Political social media did not exist a decade ago. Now tens of millions of dollars are spent every election on social media campaigns. Initially politicians only believed social media would be used as an effective campaigning tool. It is clear now though that political discussions on social media outlets can be the origins of larger mainstream ideas. This is political social media’s more noble role.

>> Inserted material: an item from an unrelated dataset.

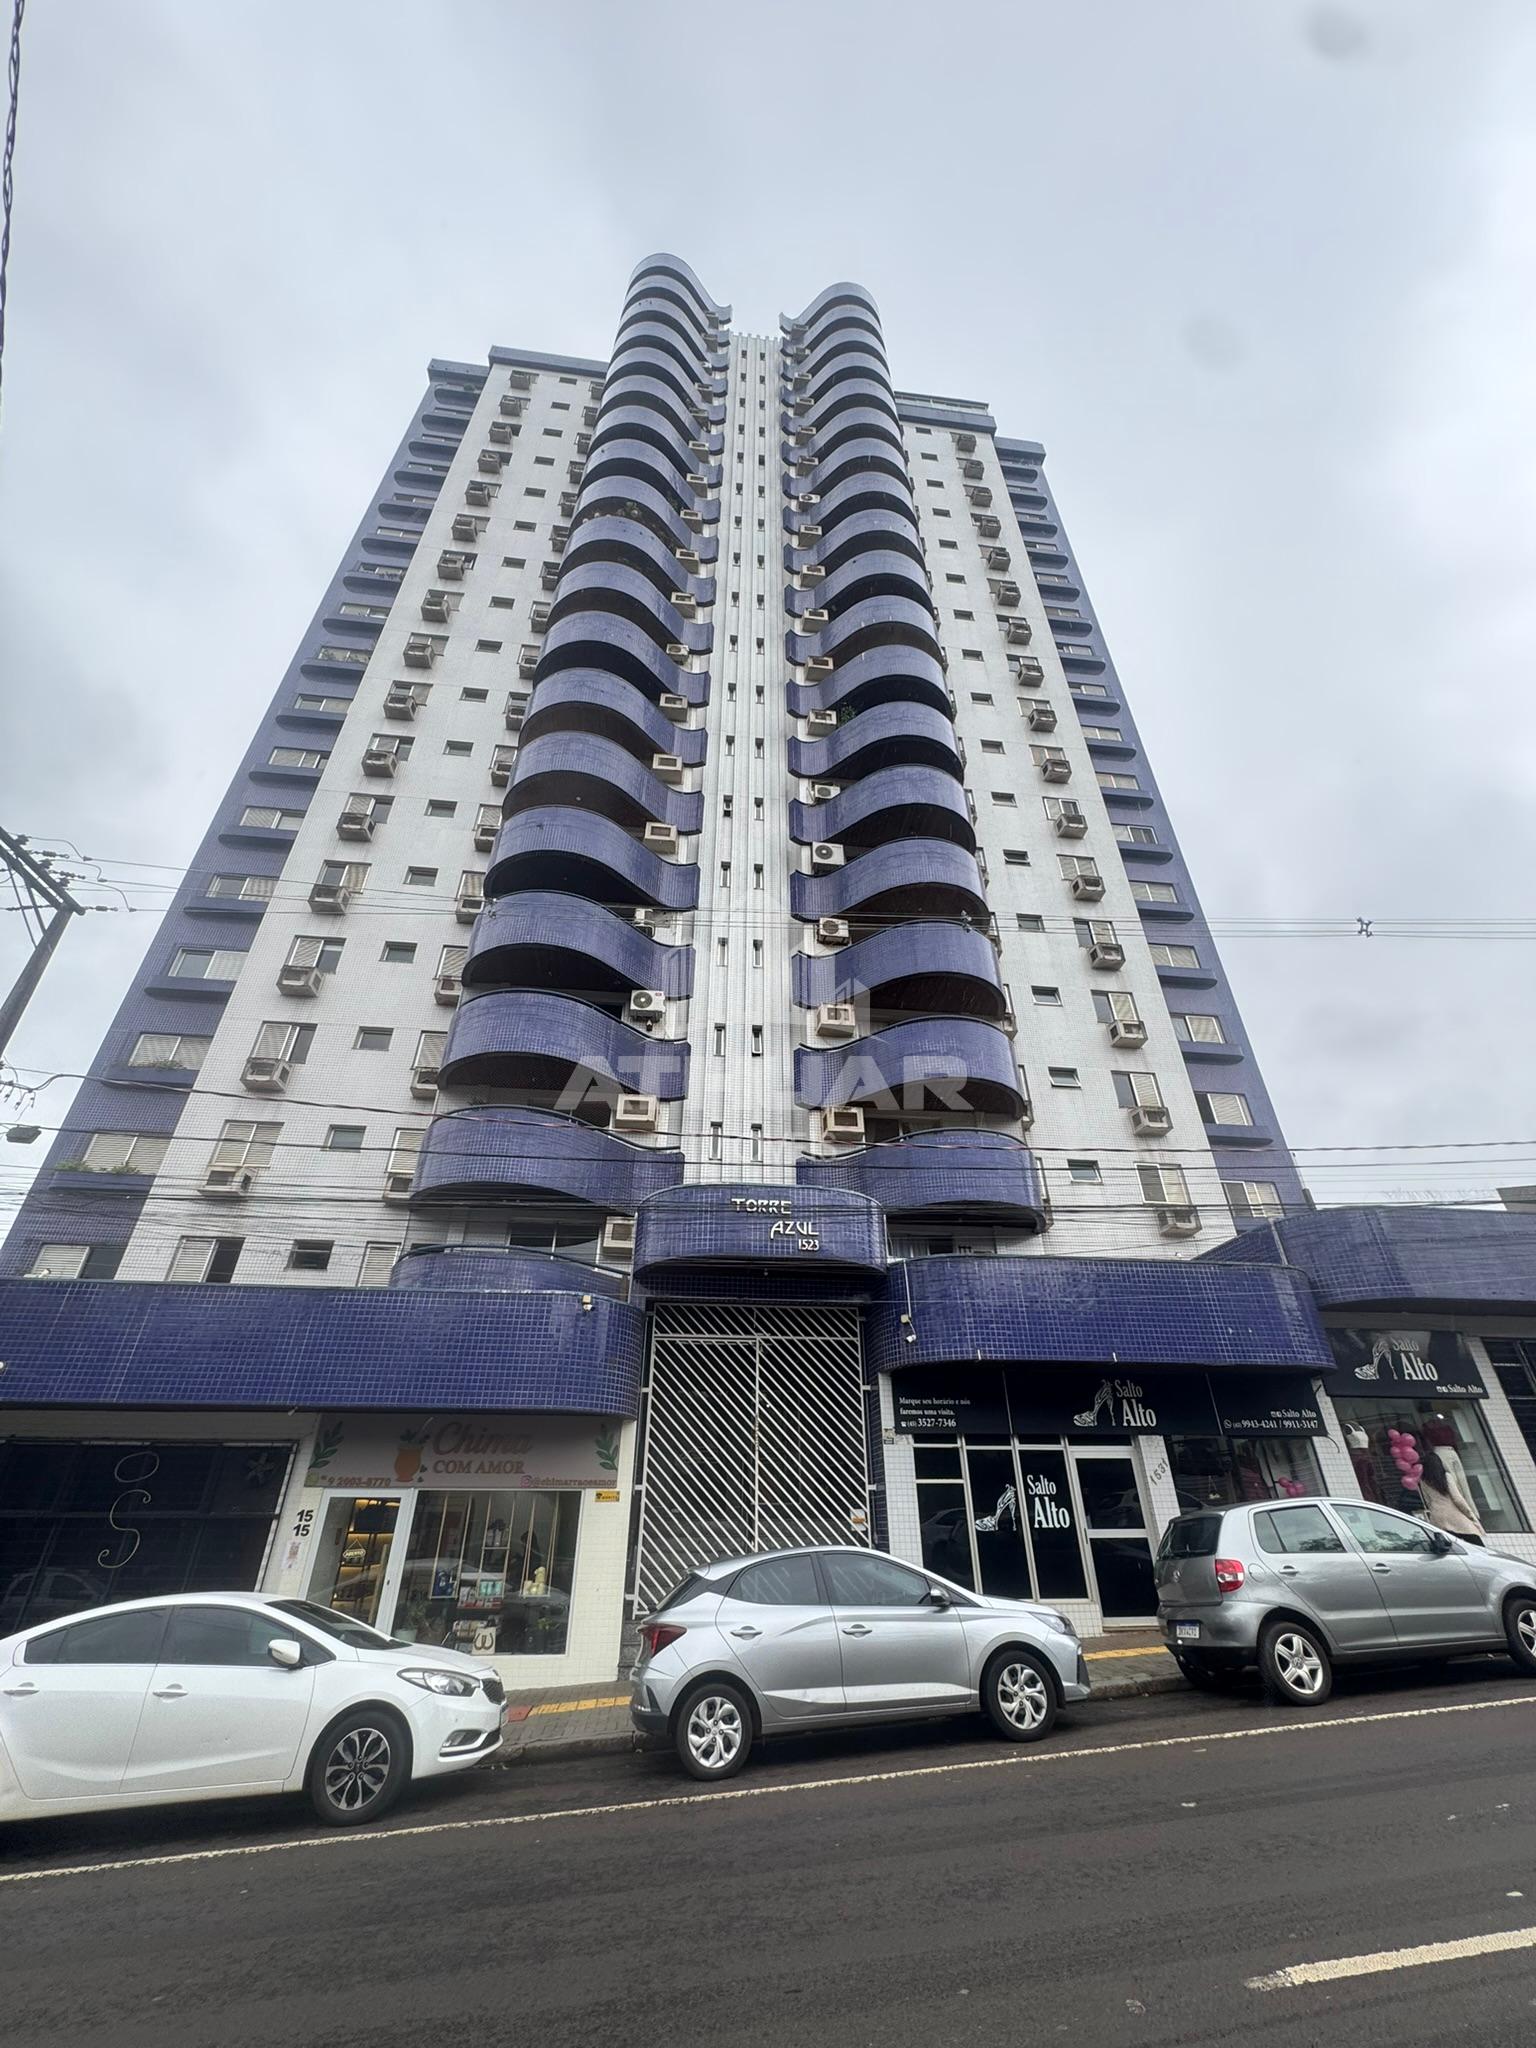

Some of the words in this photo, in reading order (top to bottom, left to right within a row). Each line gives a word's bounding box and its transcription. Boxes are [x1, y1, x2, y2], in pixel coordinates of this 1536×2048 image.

In 1992 Bo Gritz was the Presidential candidate for the Populist Party. One of his ideas was to pay off the national debt by telling the Treasury to mint a coin that would cover it. Gritz got very little attention in the election and only received .14 % of the popular vote. However, back in January when the national debt was on everyone’s minds some bloggers started talking about Gritz’s idea again. The online discussion kept being picked up by more and more prominent figures who legitimized the idea. It was eventually picked up by Bloomberg Business week and entered the main media stage.

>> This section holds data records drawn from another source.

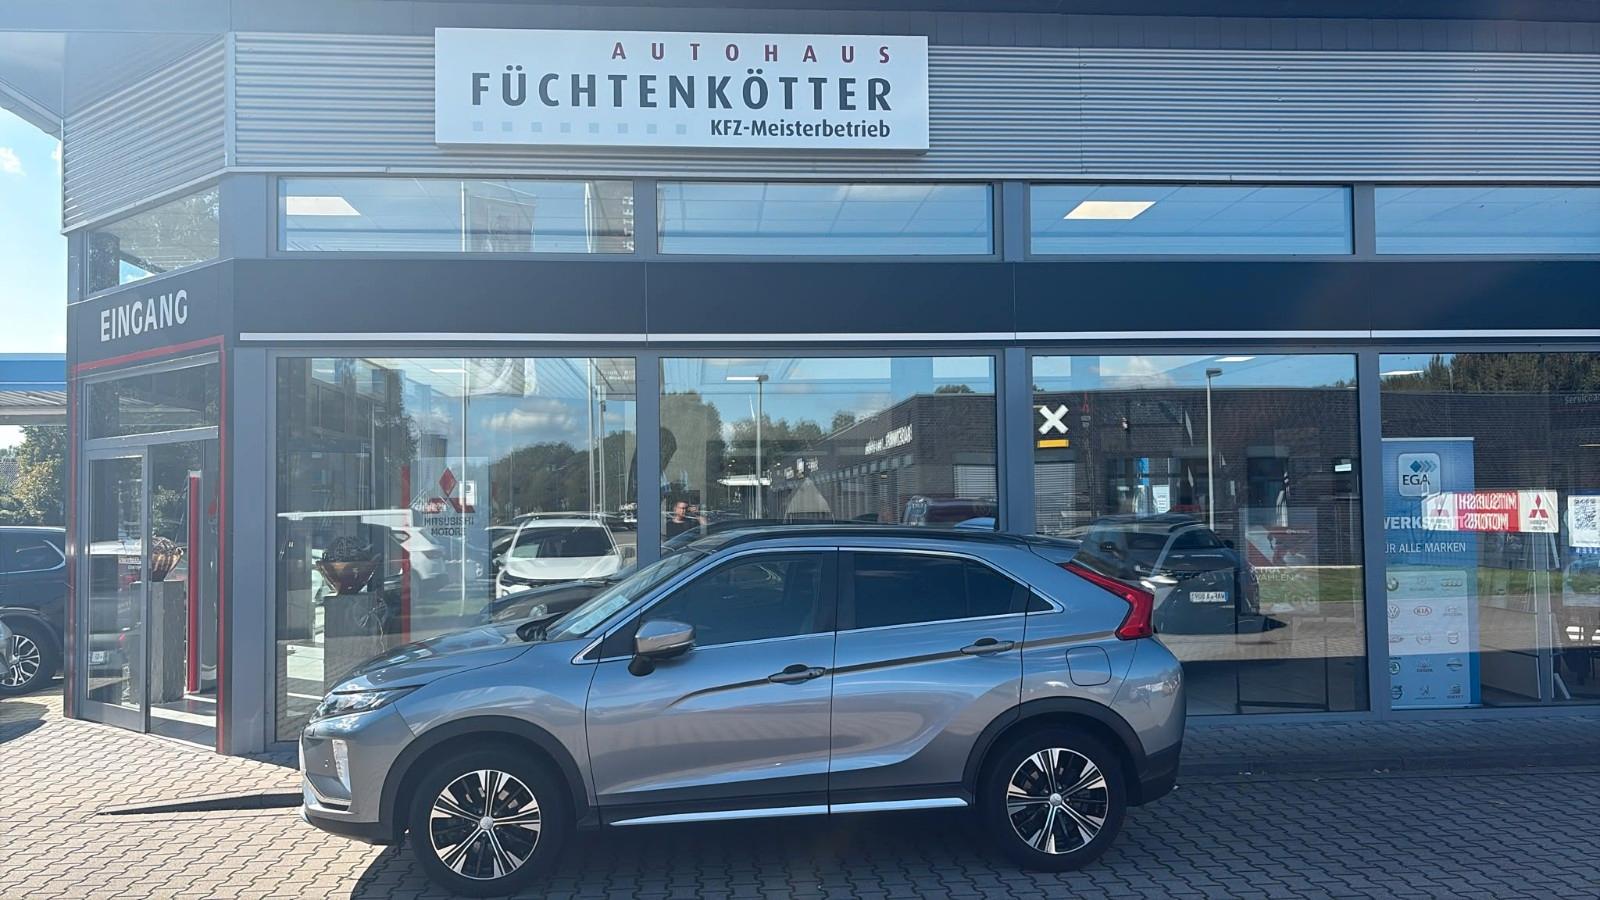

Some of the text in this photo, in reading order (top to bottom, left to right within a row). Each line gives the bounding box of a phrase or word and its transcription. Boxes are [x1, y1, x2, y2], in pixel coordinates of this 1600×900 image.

[611, 41, 890, 64] AUTOHAUS
[471, 64, 892, 112] FÜCHTENKÖTTER
[710, 119, 891, 139] KFZ-Meisterbetrieb
[100, 289, 188, 342] EINGANG
[1402, 474, 1431, 486] EGA
[424, 516, 474, 526] MITSUBISHI
[1398, 542, 1421, 553] ALLE
[1424, 542, 1466, 553] MARKEN

It seems like a crazy idea, but several substantial figures backed it up including an economics columnist at The Economist, a professor at Yale Law School, and a Nobel Prize winning columnist for The New York Times. This all stemmed from a comment a Georgia lawyer who uses the name “Beowulf” left on a random economics blog. Political social media isn’t just about campaigns. It’s about a commonplace to create and flesh out ideas. A place where everyone has an equal voice. What is more American than that?!